- Theatrical release poster
- Directed by: John Guillermin
- Screenplay by: Daniel Mainwaring George St. George
- Story by: George St. George
- Produced by: Binnie Barnes
- Starring: Carlos Thompson Linda Christian Charles Korvin
- Cinematography: Manuel Berenguer
- Edited by: Lee Doig
- Music by: Paul Misraki
- Production company: Hemisphere Pictures
- Distributed by: British Lion Films
- Release date: 22 June 1956;
- Running time: 81 minutes
- Country: United Kingdom
- Language: English

= Thunderstorm (film) =

1956 British film by John Guillermin

Thunderstorm (also known as Tormenta) is a 1956 British drama film directed by John Guillermin and starring Carlos Thompson, Linda Christian, and Charles Korvin. It was made by British Lion Films.

==Plot summary==

Maria Ramon is a mysterious beautiful girl discovered unconscious and alone on board a small damaged yacht at sea. A group of fishermen, including Diego Martinez, take Maria back to the nearest coastal Spanish fishing village for her to recover and offer to repair her small yacht.
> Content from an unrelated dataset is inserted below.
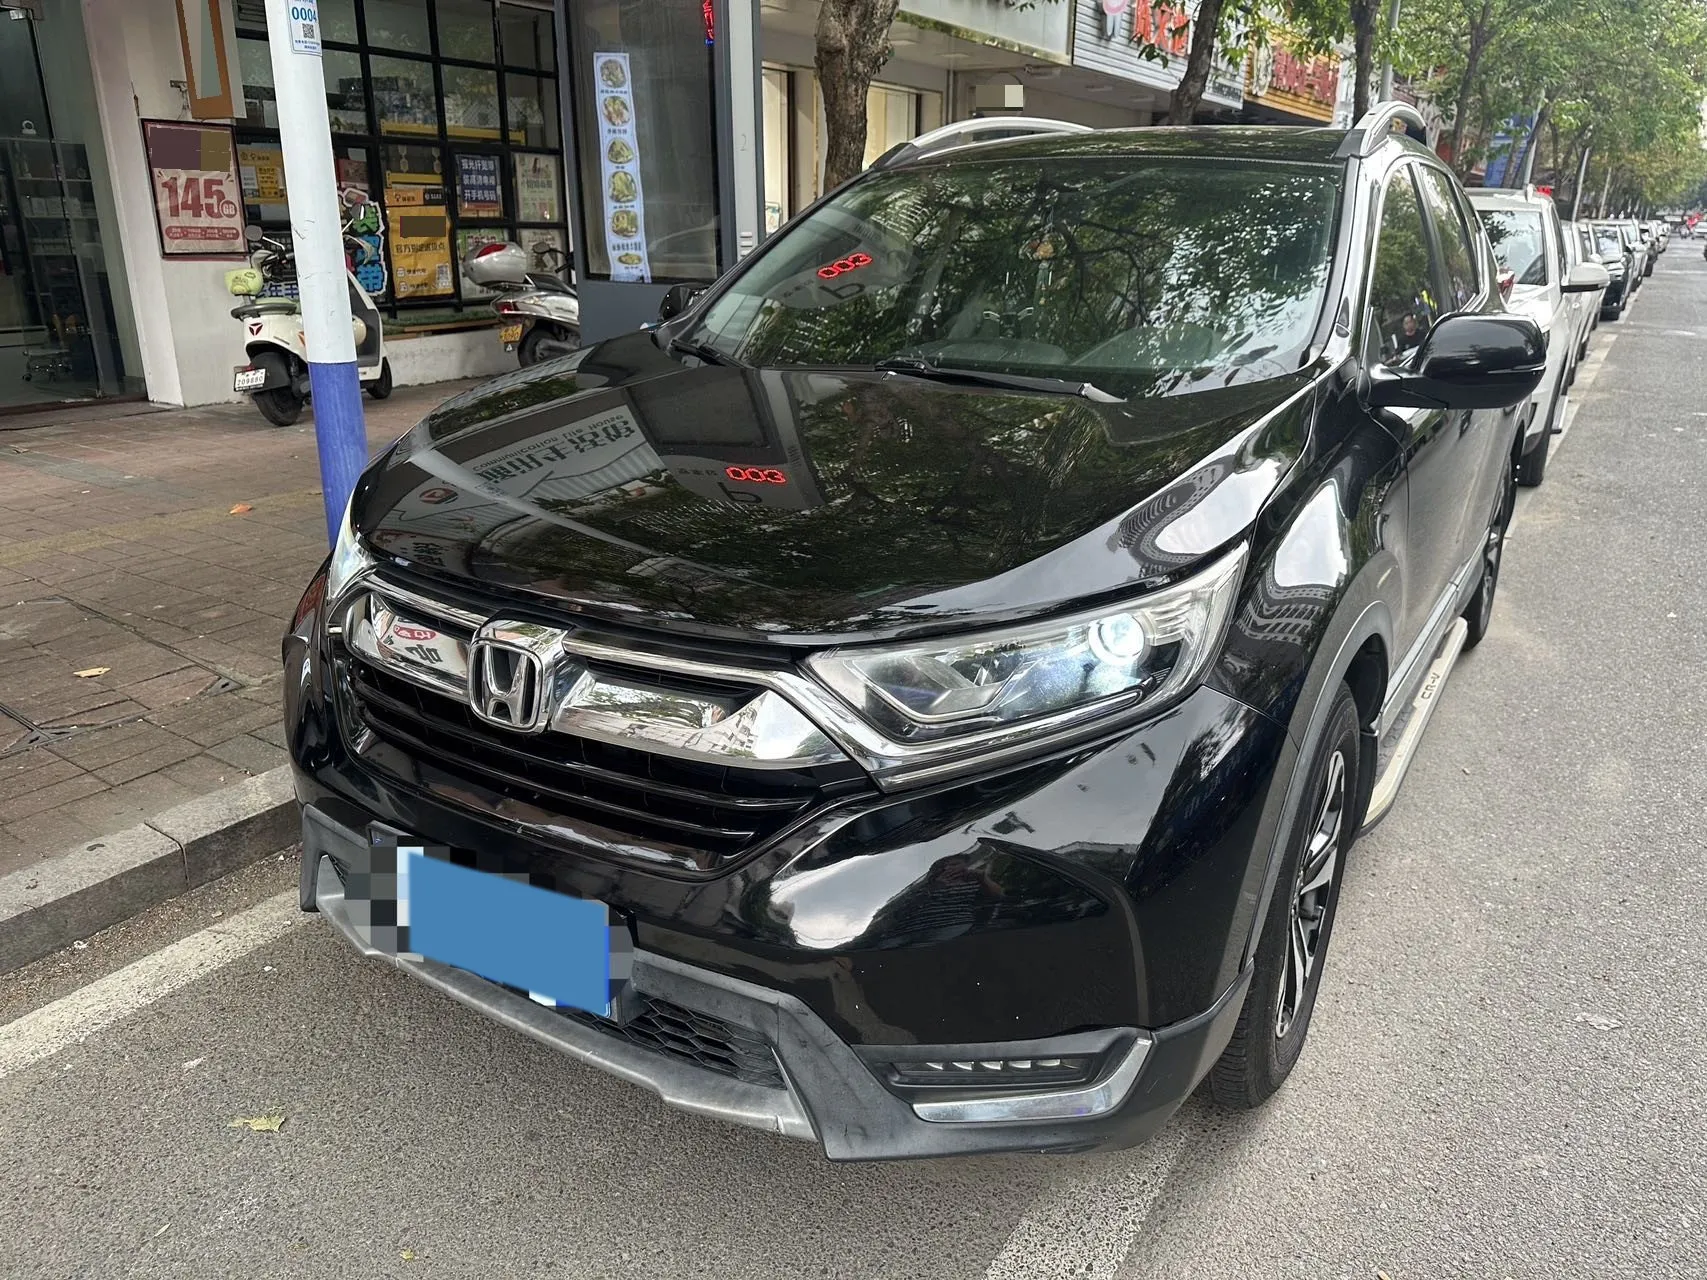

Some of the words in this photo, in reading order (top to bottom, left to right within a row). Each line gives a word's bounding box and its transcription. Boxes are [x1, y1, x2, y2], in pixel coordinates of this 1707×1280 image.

[291, 7, 317, 23] 0004
[161, 177, 226, 218] 145
[222, 202, 236, 216] GB
[1421, 672, 1441, 699] CR-V
All of the men in the village are infatuated with Maria, but the women view her with jealousy and suspicion, saying that she is a curse on their village and blaming her for the recent lack of fish on which the village solely relies. When Maria is attacked by a mob of village women tearing her hair and clothes and bruising her, the local Padre Flores saves her. The film ends with Maria quietly leaving by setting out to sea in her repaired small yacht with Diego watching from the small harbor.

==Cast==
- Carlos Thompson as Diego Martinez
- Linda Christian as Maria Ramon
- Charles Korvin as Pablo Gardia
- Catharina Ferraz as Señora Martinez
- José Marco Davó as Padre Flores
- Garry Thorne as Miguel Gardea
- Tito Junco as Toro
- Erica Vaal as Juana
- Marco Davó as Padre Flores
- Félix de Pomés as Domingo Ribas
- Nestor M. Meana as Lalo
- Carlos Diaz Mendoza as Pedro
- Julia Caba Alba as Señora Hidalgo
- Isabel De Pomès as Señora Alvarez
- Conchita Bautista as Margo
- Amalia Iglesias as Dolores
- Manuel San Roman as Manuel Hidalgo

==Production==
In April 1955, it was announced the film would be made by Hemisphere Productions, the company of Mike Frankovich. Filming would take place in London and Spain with Carlos Thompson and Linda Christian starring. Allied Artists were to distribute in the western hemisphere, British Lion in England and Columbia elsewhere. The script was written Geoffrey Holmes (the nom de plume for Daniel Mainwaring). The official producers were Binnie Barnes and Victor Pahlen. It was John Guillermin's return to features after directing TV for a time.

==Reception==
The Monthly Film Bulletin wrote: "John Guillermin perceptively evokes the enclosed life of a Spanish fishing village and tells his simple tale with economy and precision, giving it a lifelike air of improvisation. The non-Spanish leading players fit convincingly into the background and give persuasive, well-contrasted performances. This is a refreshingly individual and unpretentious production."

Variety wrote: "[the] mood is a bit heavy, but goes with the story melodramatics."